The request came on the heels of a CBC report, which suggested a wrinkle in the wording of the 2005 deal could kill the 25-year arrangement if the liquefied natural gas terminal begins to export LNG.
But under the deal, struck in 2005, its annual property tax bill is frozen at $500,000.
That's a 91 per cent discount on the $5.3 million in annual property taxes the plant would owe Saint John without the deal, an arrangement that does not expire until 2030.
However, the tax deal's precise wording says it applies to property "solely for receiving" LNG and there are discussions now underway to convert the facility to manufacture and export LNG instead.
Province following developments 'closely'
Mayor Mel Norton was not immediately available for comment on Tuesday.
But Coun. Donna Reardon says she's hopeful that if the deal does dissolve, something better could be worked out for the city.
"I know Repsol and Irving — they would want a fair deal for Saint John as well. I mean, we're all in Saint John together, we're all working together", she said.

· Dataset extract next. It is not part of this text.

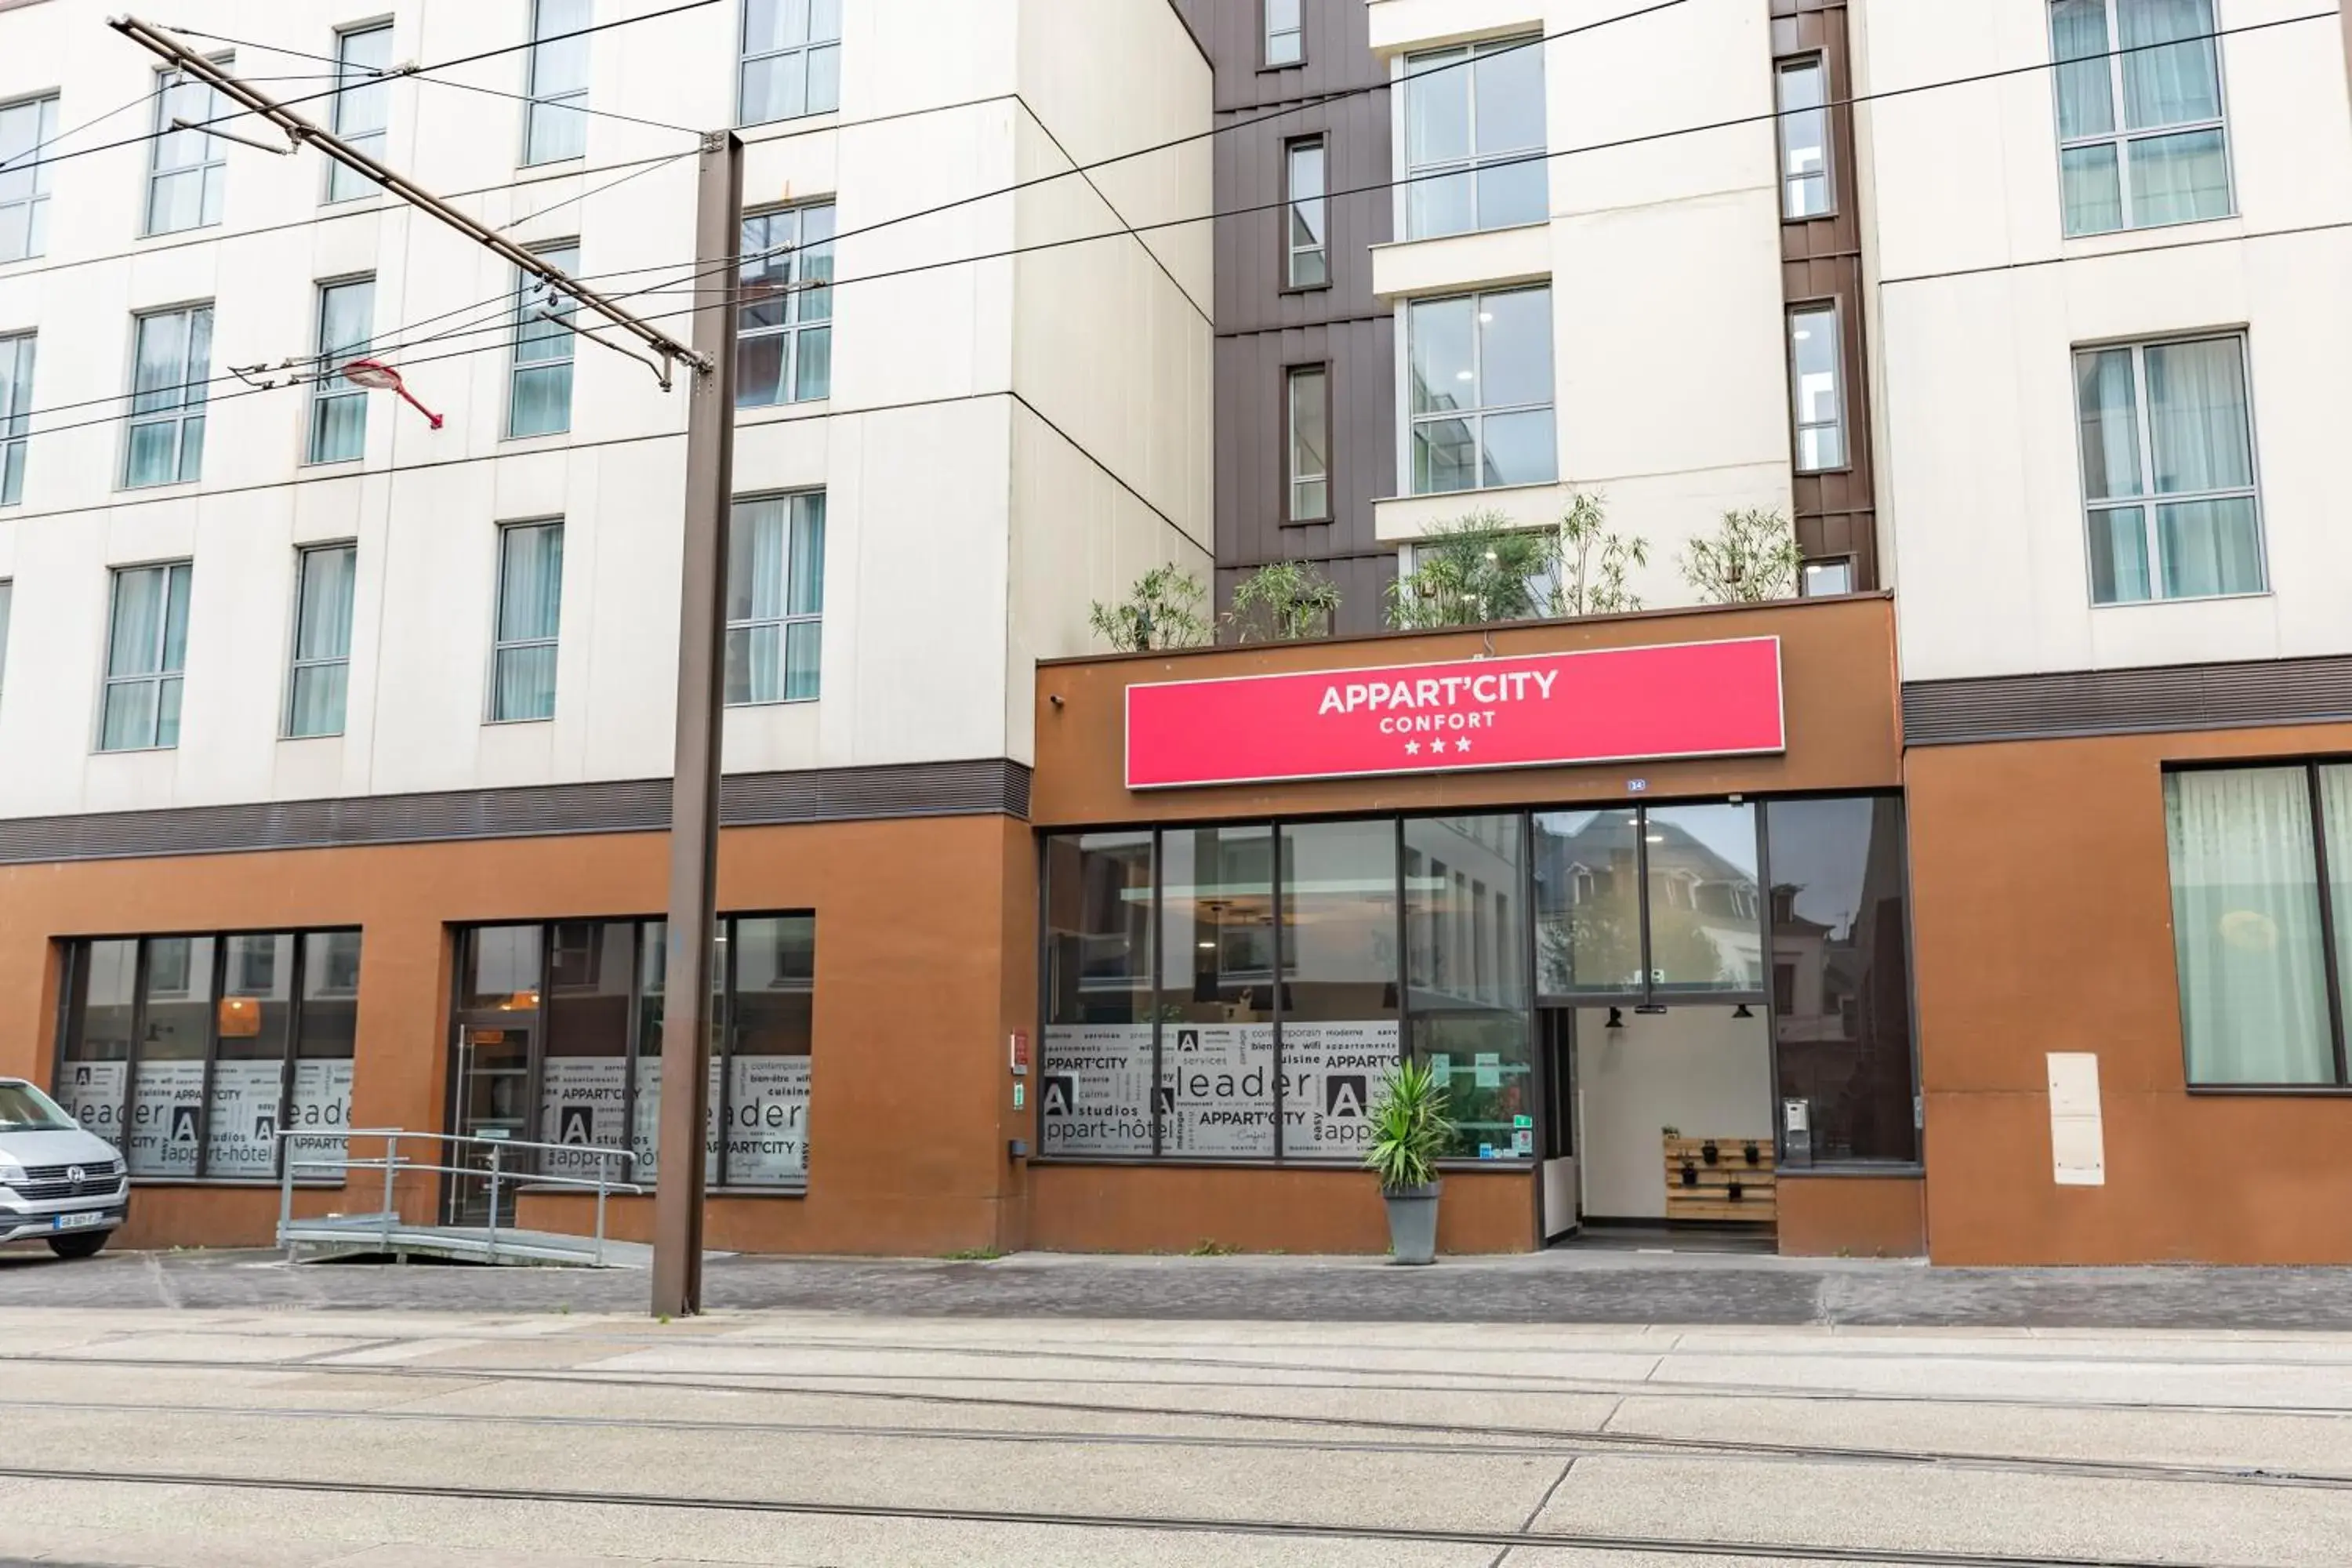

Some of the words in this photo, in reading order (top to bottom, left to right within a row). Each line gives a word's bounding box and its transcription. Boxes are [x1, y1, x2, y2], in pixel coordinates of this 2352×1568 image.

"So hopefully there would be that will on the other side of the coin to move ahead with a new set of terms."
Coun. Bill Farren said "it would be great to get a few more tax dollars."
"But I'd also want to know what we'd do with those tax dollars," he said. "If I give them another couple of million dollars, what are they going to do with that — spend that too?"
Asked whether he was suggesting the city might waste any additional tax revenue it might get out of the LNG facility, Farren replied: "I think with what I've seen in the 2015 budget, it’s a good likelihood."
The New Brunswick government believes there would be "great economic opportunity for our province in converting the Canaport LNG terminal to an export facility," Minister of Energy and Mines Donald Arseneault said in an emailed statement.
"Our government is following the developments on this file closely, and if the project materializes, we would have to re-examine the property tax arrangements in place with the city and project partners," said Arseneault.
"For the moment, it’s too early to speculate on this as no formal plans for the conversion are underway," he said.
Originally, Canaport LNG was built to import liquefied natural gas by ship into Saint John, return it to a gas onshore and ship it by pipeline to the United States.
But shale gas developments in the U.S. have flooded the markets, undercutting the need for imports. As a result, Canaport is exploring the feasibility of converting the facility to bring in cheap U.S. gas by pipeline, liquefy it and then load it onto ships for export to Europe and other destinations where prices are higher.
The conversion to an export facility would cost up to $4 billion, according to one published report.